Grupos ambientais processam EPA por revogar base legal climática nos EUA
Grupos ambientais processam EPA por revogar regulamentações climáticas essenciais, argumentando que isso representa um retrocesso significativo nos esforços para combater a crise climática.
Grupos ambientais e de saúde pública processaram a Agência de Proteção Ambiental dos Estados Unidos (EPA) por revogar uma determinação legal crucial para regulamentações climáticas no país.
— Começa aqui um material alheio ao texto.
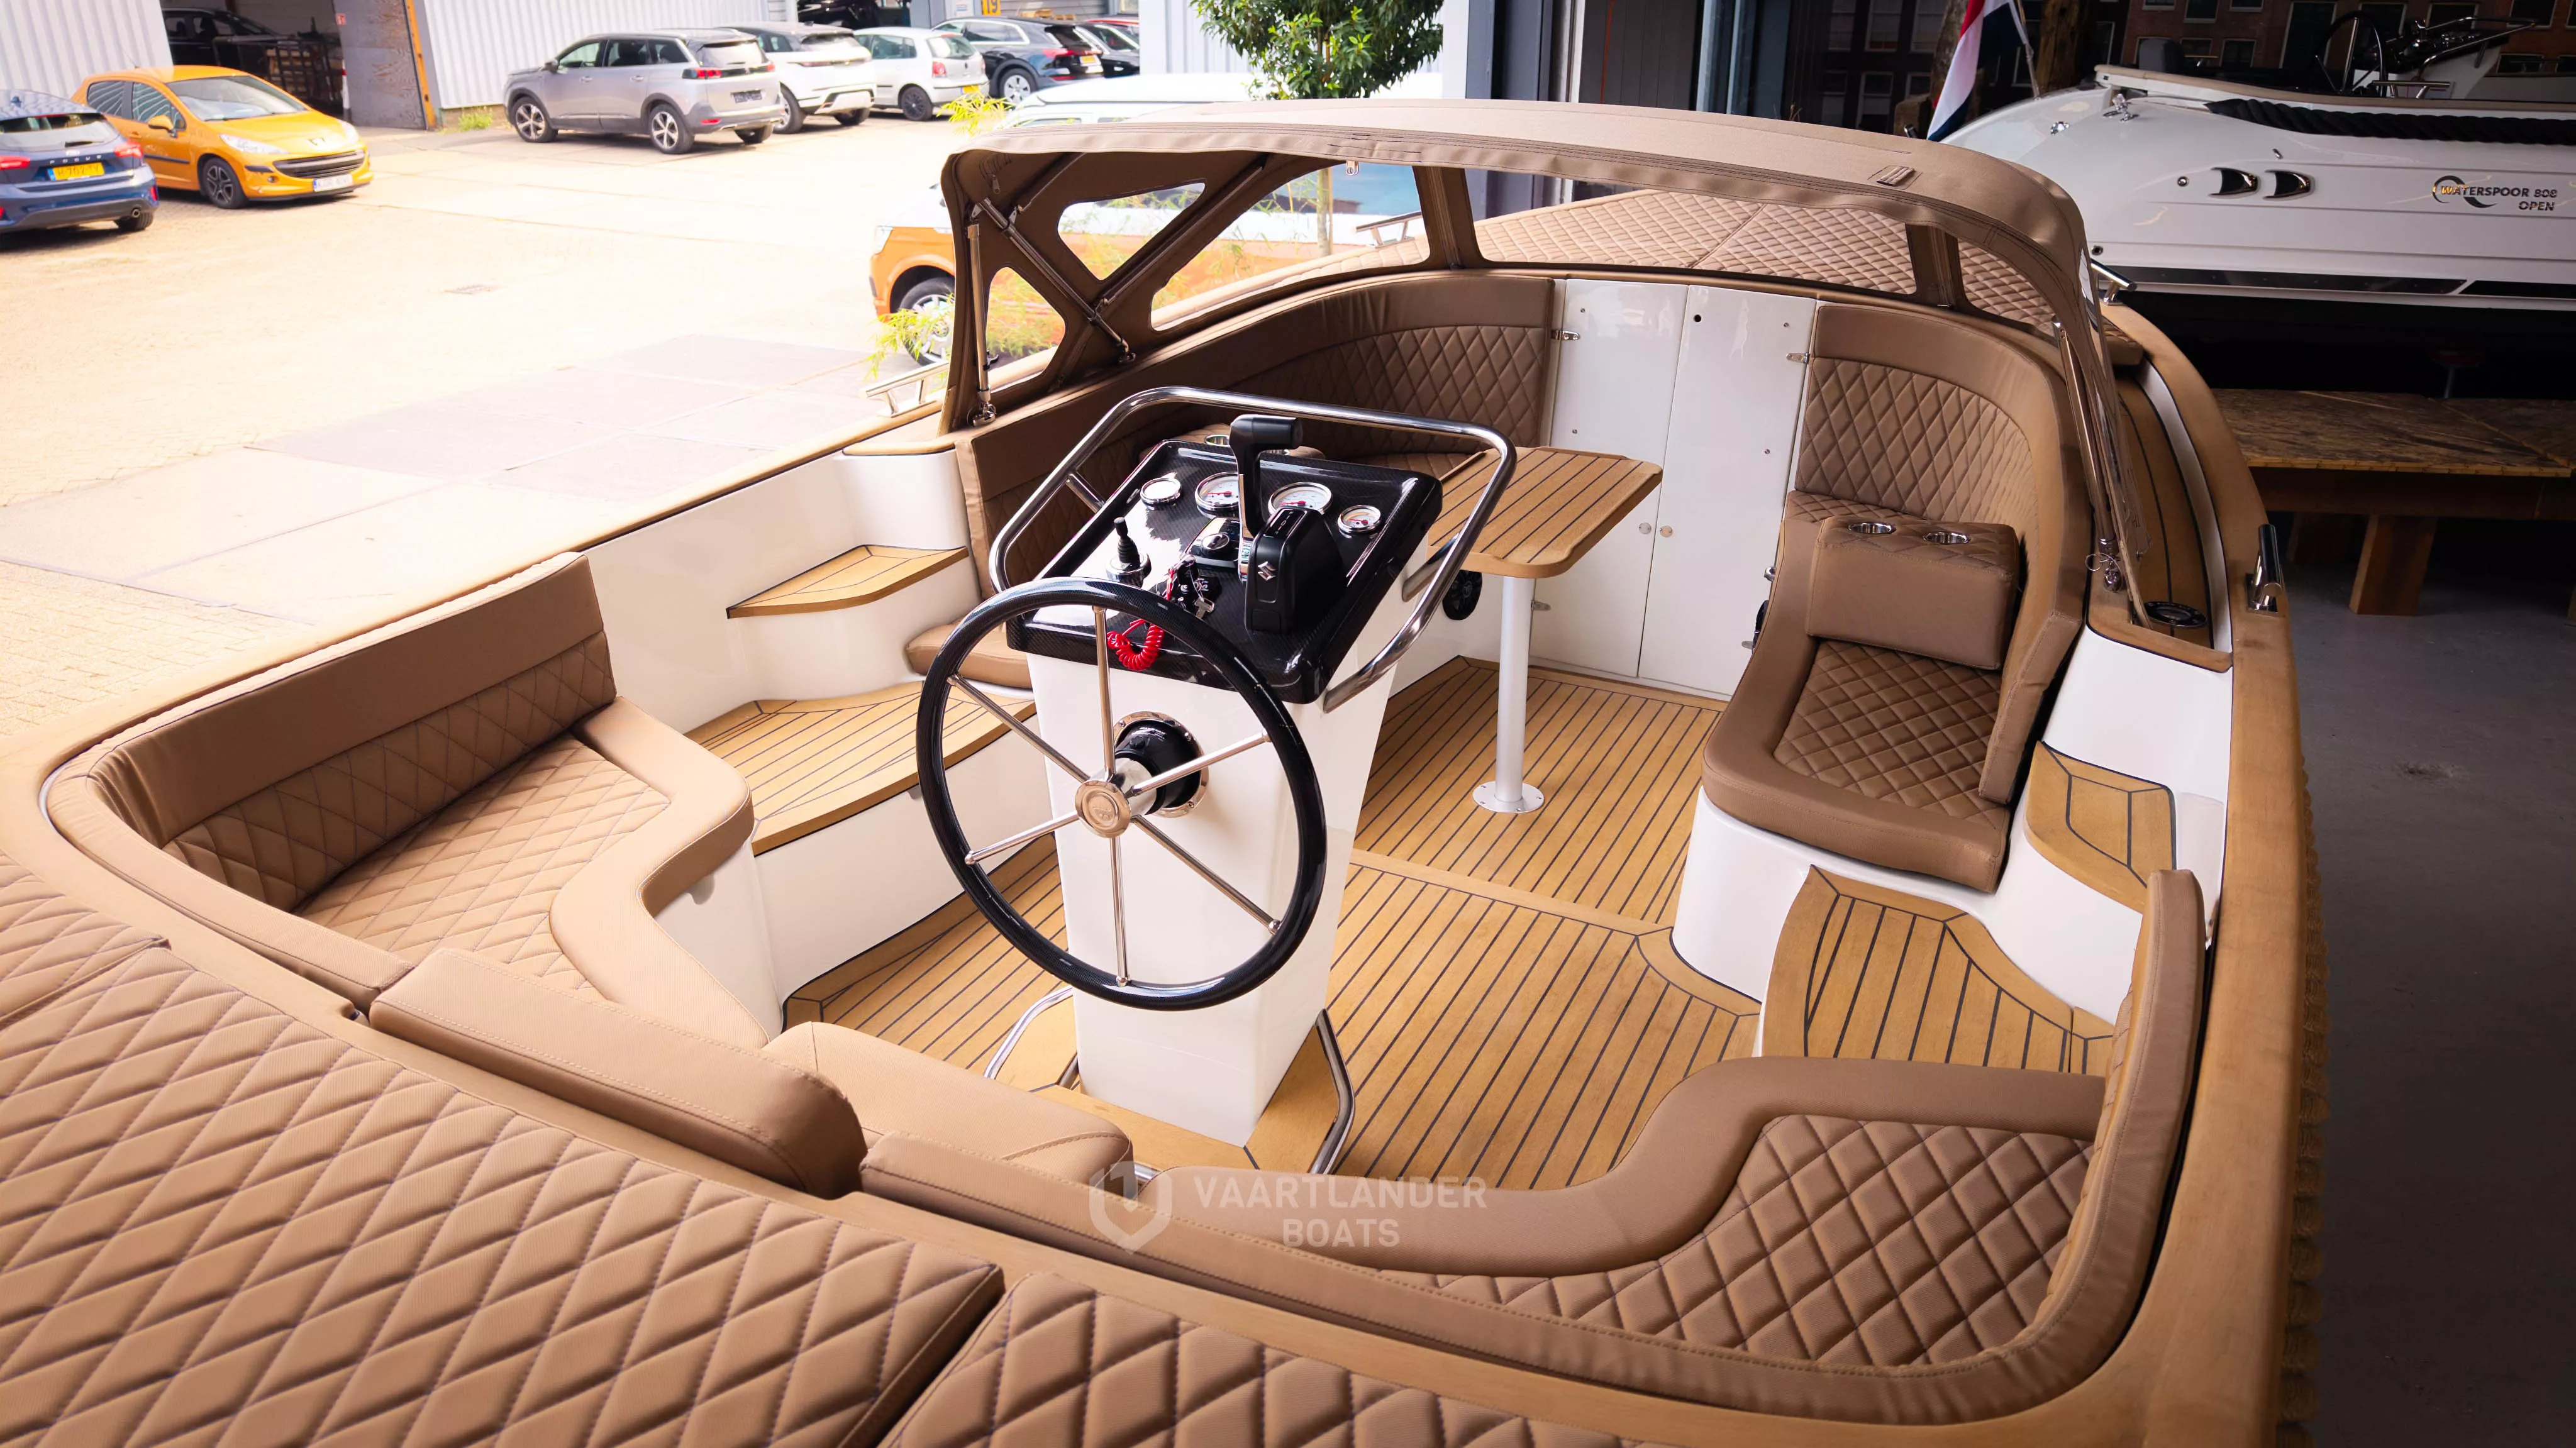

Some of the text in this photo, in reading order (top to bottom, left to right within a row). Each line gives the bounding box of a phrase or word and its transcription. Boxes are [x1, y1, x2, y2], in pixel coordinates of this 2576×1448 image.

A ação, movida no tribunal de Washington DC, contesta a reversão do “Endangerment Finding” (“Constatação de Perigo”), considerada um retrocesso significativo nos esforços contra a crise climática.
Desafios legais contra a EPA de Trump
Mais de uma dezena de entidades ligadas à saúde pública e à defesa ambiental acionaram a Justiça contra a Agência de Proteção Ambiental dos Estados Unidos (EPA), após a decisão do órgão de revogar uma base regulatória considerada central no combate às mudanças climáticas.
A ação foi protocolada no Tribunal de Apelações do Circuito de Washington, D.C., e questiona a anulação do chamado “Endangerment Finding” (“Constatação de Perigo”), dispositivo em vigor desde 2009 que reconhece oficialmente que gases de efeito estufa representam risco à saúde da população.
Essa constatação jurídica tem sido, ao longo dos últimos anos, o principal fundamento utilizado pela EPA para estabelecer limites às emissões de poluentes responsáveis pelo aquecimento global.
Ao derrubá-la, a agência abre caminho para enfraquecer regras ambientais e reduzir sua capacidade de regulamentar setores altamente emissores, como a indústria de carvão.
Para as organizações autoras do processo, a medida representa um retrocesso significativo na política climática do país.
Entre os grupos que assinam a ação estão entidades de grande relevância nacional, como a Associação Americana de Saúde Pública, a Associação Americana do Pulmão, o Centro para a Diversidade Biológica, o Fundo de Defesa Ambiental, o Conselho de Defesa dos Recursos Naturais e o Sierra Club.
A condução jurídica do caso está a cargo da Clean Air Task Force e da Earthjustice, que incluíram no processo tanto a EPA quanto seu administrador, Lee Zeldin.
Críticos da decisão afirmam que a revogação compromete a obrigação legal da agência de proteger a população contra riscos ambientais, conforme previsto na Lei do Ar Limpo.